# What the exercise asks:
Set down each record below exactly as it stands. Pictures are not part of the copy.

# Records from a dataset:
———

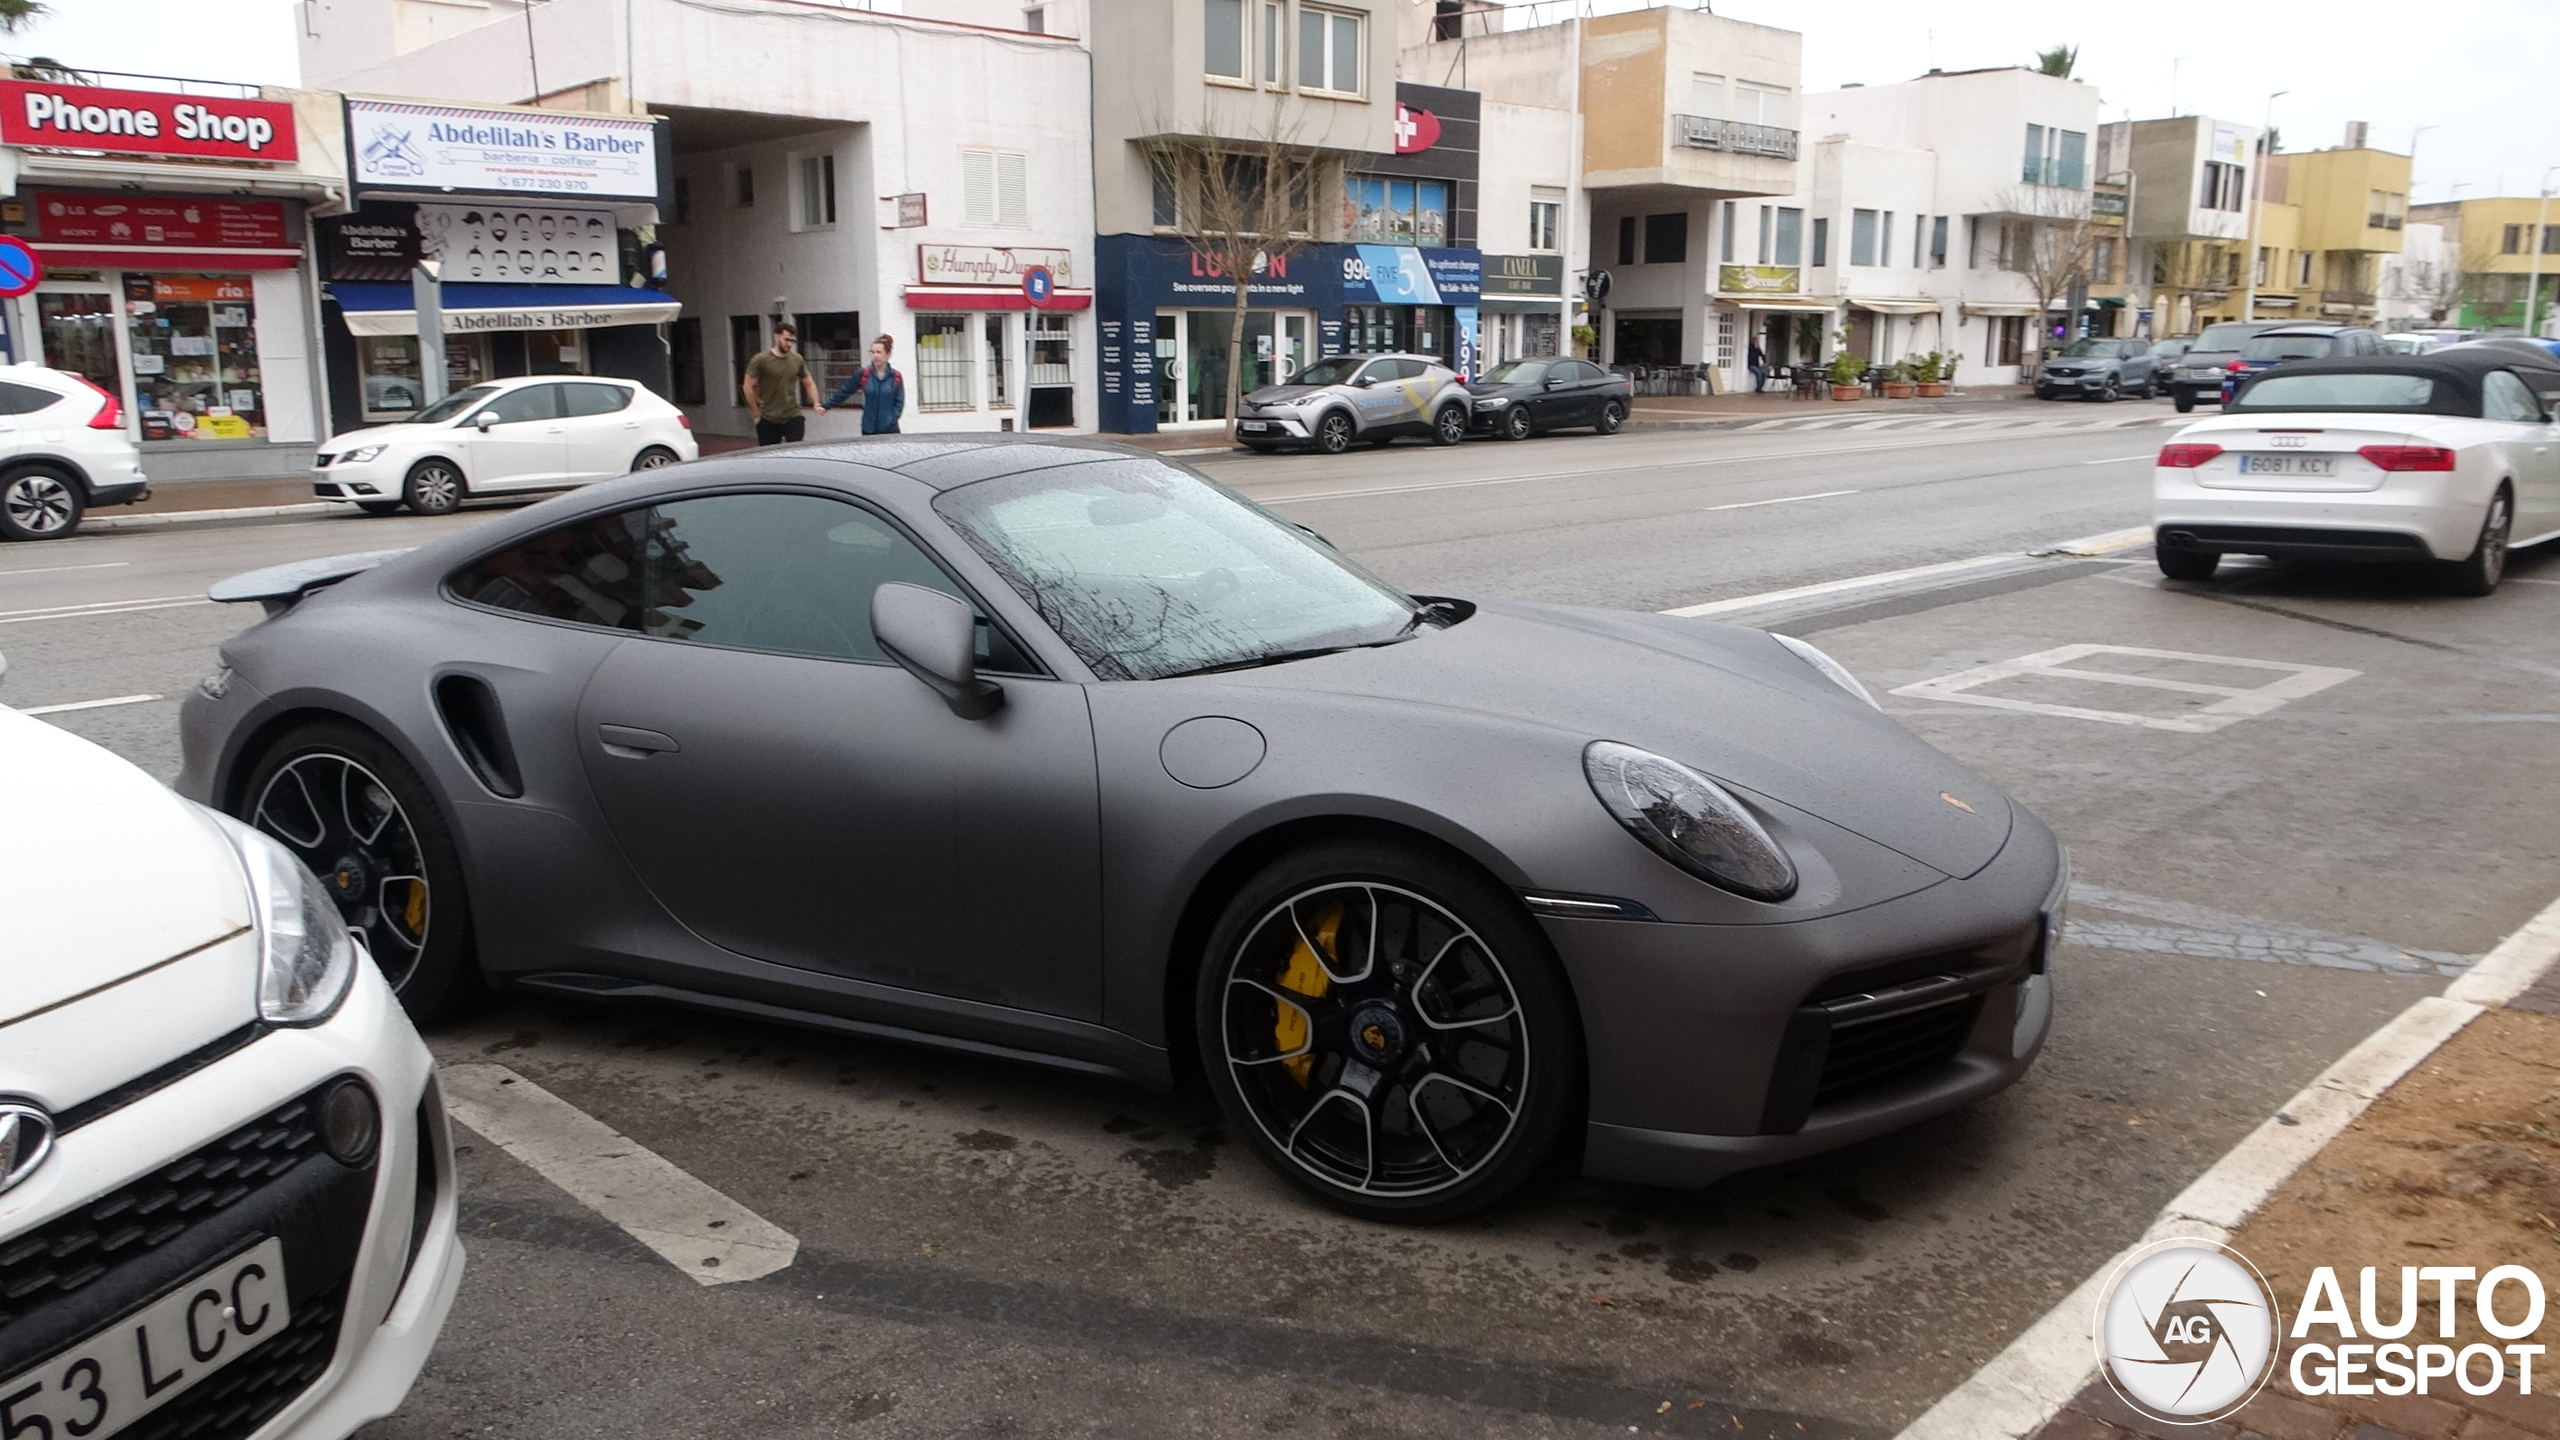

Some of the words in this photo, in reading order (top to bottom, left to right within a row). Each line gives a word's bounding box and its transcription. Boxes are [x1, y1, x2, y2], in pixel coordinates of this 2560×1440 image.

[24, 92, 159, 138] Phone
[173, 103, 273, 150] Shop
[428, 122, 556, 149] Abdelilah's
[564, 131, 645, 155] Barber
[512, 177, 534, 188] 677
[538, 178, 561, 190] 230
[565, 180, 588, 191] 970
[60, 229, 100, 237] SONY
[339, 225, 408, 237] Abdelilah's
[350, 237, 398, 249] Barber
[941, 248, 997, 282] Humpty
[1343, 258, 1372, 281] 99€
[1376, 265, 1399, 280] FIVE
[1397, 254, 1416, 296] 5
[217, 282, 244, 298] ria
[1173, 282, 1187, 292] See
[452, 312, 545, 330] Abdelilah's
[552, 311, 612, 326] Barber
[2251, 457, 2292, 473] 6081
[2300, 458, 2334, 473] KCY
[136, 1263, 271, 1399] LCC

———

# Response area:
Some of the words in this photo, in reading order (top to bottom, left to right within a row). Each line gives a word's bounding box and its transcription. Boxes are [x1, y1, x2, y2], in pixel coordinates of this 2560×1440 image.

[24, 92, 159, 138] Phone
[173, 103, 273, 150] Shop
[428, 122, 556, 149] Abdelilah's
[564, 131, 645, 155] Barber
[512, 177, 534, 188] 677
[538, 178, 561, 190] 230
[565, 180, 588, 191] 970
[60, 229, 100, 237] SONY
[339, 225, 408, 237] Abdelilah's
[350, 237, 398, 249] Barber
[941, 248, 997, 282] Humpty
[1343, 258, 1372, 281] 99€
[1376, 265, 1399, 280] FIVE
[1397, 254, 1416, 296] 5
[217, 282, 244, 298] ria
[1173, 282, 1187, 292] See
[452, 312, 545, 330] Abdelilah's
[552, 311, 612, 326] Barber
[2251, 457, 2292, 473] 6081
[2300, 458, 2334, 473] KCY
[136, 1263, 271, 1399] LCC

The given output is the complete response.